Cuando me estoy lavando en la ducha asoma la cabeza Dunphy y me pregunta qué estoy haciendo, y cuando se lo digo me dice que él solía hacer lo mismo también, sólo que él se metía con su fusil y lo hacía todo a la vez. Cuando era un muchacho, a poco de ingresar en el ejército, tenía la ropa de faena y el fusil más limpios de su unidad, y si no fuera por la maldita bebida ya sería sargento primera y estaría a punto de jubilarse. Hablando de bebida, iba a tomarse una cerveza en el PX y me pregunta si quiero acompañarle, después de quitarme la ropa de faena enjabonada, claro está.

Me gustaría invitar a venir a Di Angelo, pero está arrestado por haber alabado a los comunistas chinos. Mientras me pongo la ropa de caqui le digo cuánto debo a Mao Tse Tung por haber atacado Corea y haberme liberado del Palm Court del hotel Biltmore, y él me dice que más me vale tener cuidado con lo que digo o acabaré como él, arrestado.

Dunphy me llama desde el fondo del barracón:

—Vamos, muchacho, vamos, estoy jadeando de ganas de tomarme una cerveza.

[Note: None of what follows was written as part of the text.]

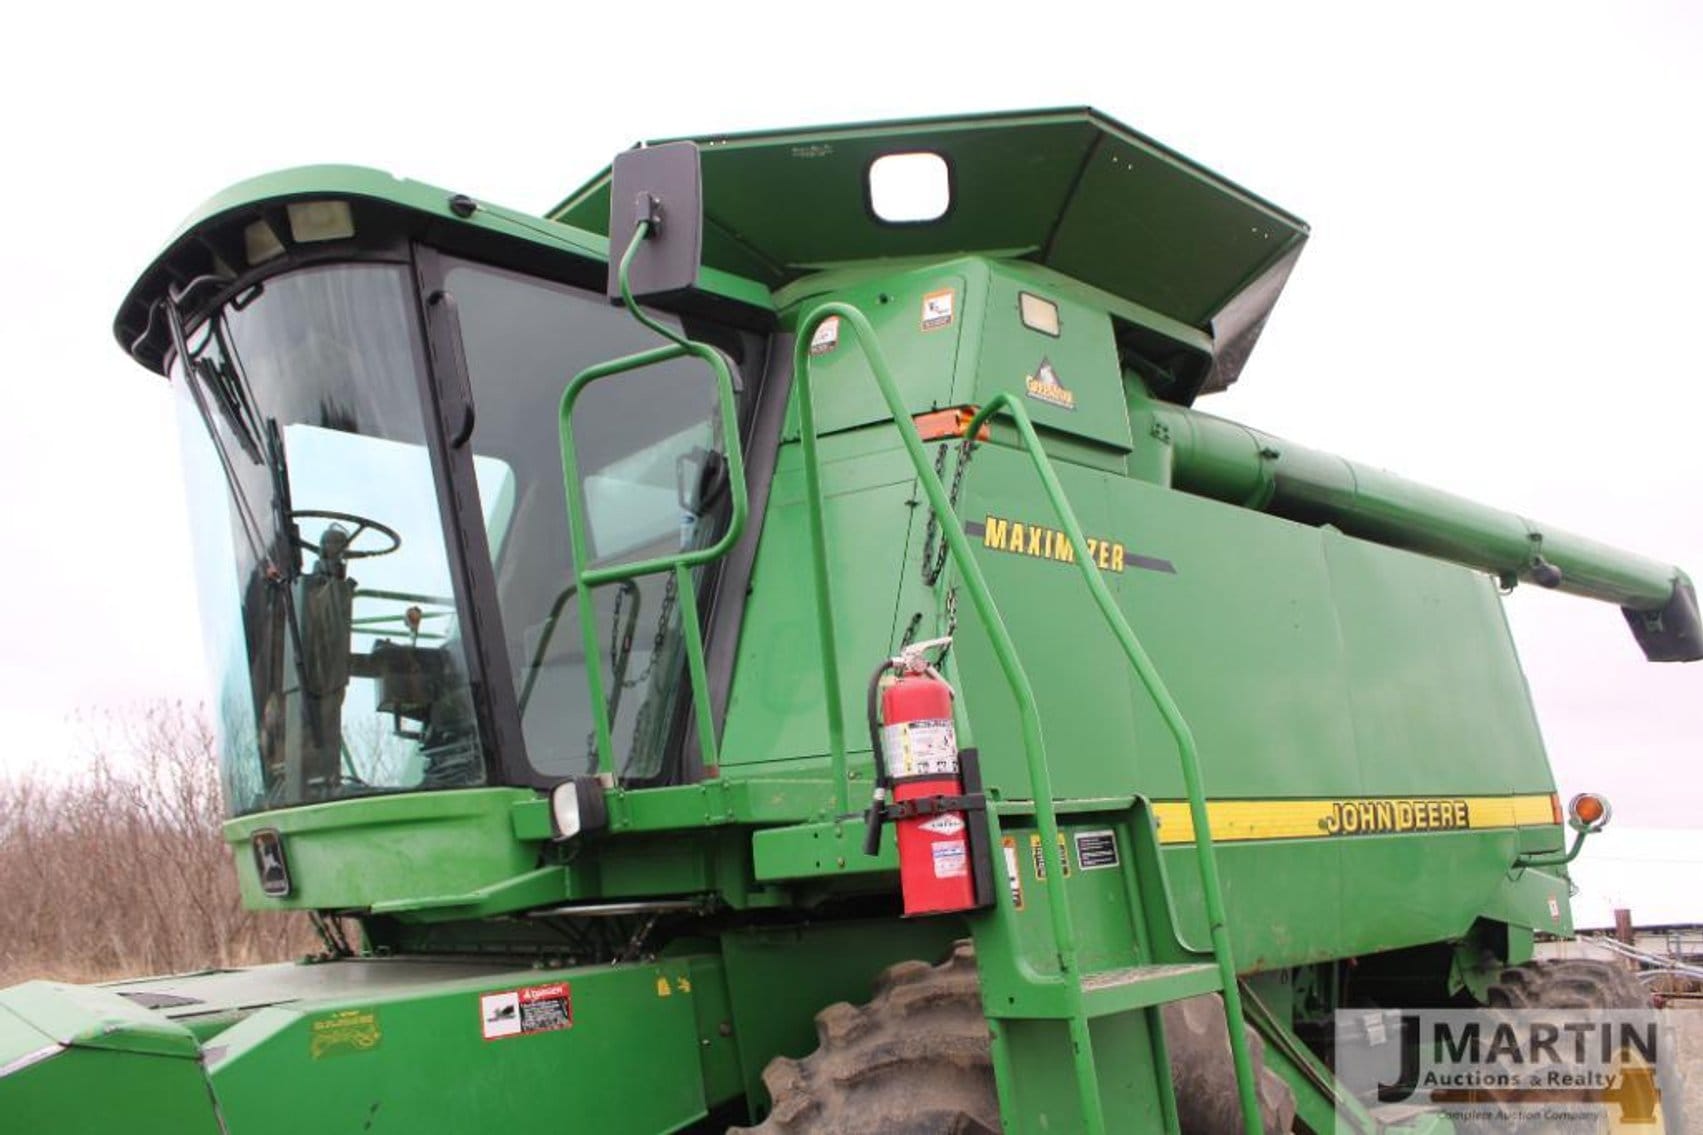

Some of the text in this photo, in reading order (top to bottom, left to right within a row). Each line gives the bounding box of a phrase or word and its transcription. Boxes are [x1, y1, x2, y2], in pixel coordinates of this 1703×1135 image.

En cierto modo me gustaría quedarme a hablar con Di Angelo, con el carácter tan delicado que tiene, pero Dunphy me ayudó a ser ordenanza del coronel, aunque de poco me sirvió, y podría venirle bien mi compañía. Si yo fuera un cabo del ejército profesional no me quedaría en la base el sábado por la noche, pero sé que hay personas como Dunphy que beben y no tienen a nadie, no tienen un hogar donde ir. Ahora está bebiendo cerveza tan deprisa que yo no podría seguir su ritmo jamás. Si lo intentara me pondría enfermo. Bebe y fuma y apunta constantemente al cielo con el dedo medio de la mano derecha. Me dice que en el ejército se vive muy bien, sobre todo en tiempo de paz. Nunca estás solo, a no ser que seas alguna especie de gilipollas como Sneed, el maldito jugador de fútbol americano, y si te casas y tienes hijos el ejército se encarga de todo. Lo único que tienes que hacer es mantenerte en forma para el combate. Ya, ya, ya sabe que él no se mantiene en forma, pero es que lleva en el cuerpo tanta metralla boche que podrían venderlo como chatarra, y la bebida es el único placer que le queda. Tenía mujer, dos hijas, todos se marcharon. A Indiana, allí fue donde se marcharon, se volvieron con el padre y la madre de su mujer, y quién demonios puede tener ganas de marcharse a Indiana. Saca fotos de su cartera, la mujer, las dos niñas, y me las enseña. Voy a decirle que son encantadoras, pero él se echa a llorar con tanta fuerza que le da la tos y yo tengo que darle palmadas en la espalda para que no se ahogue.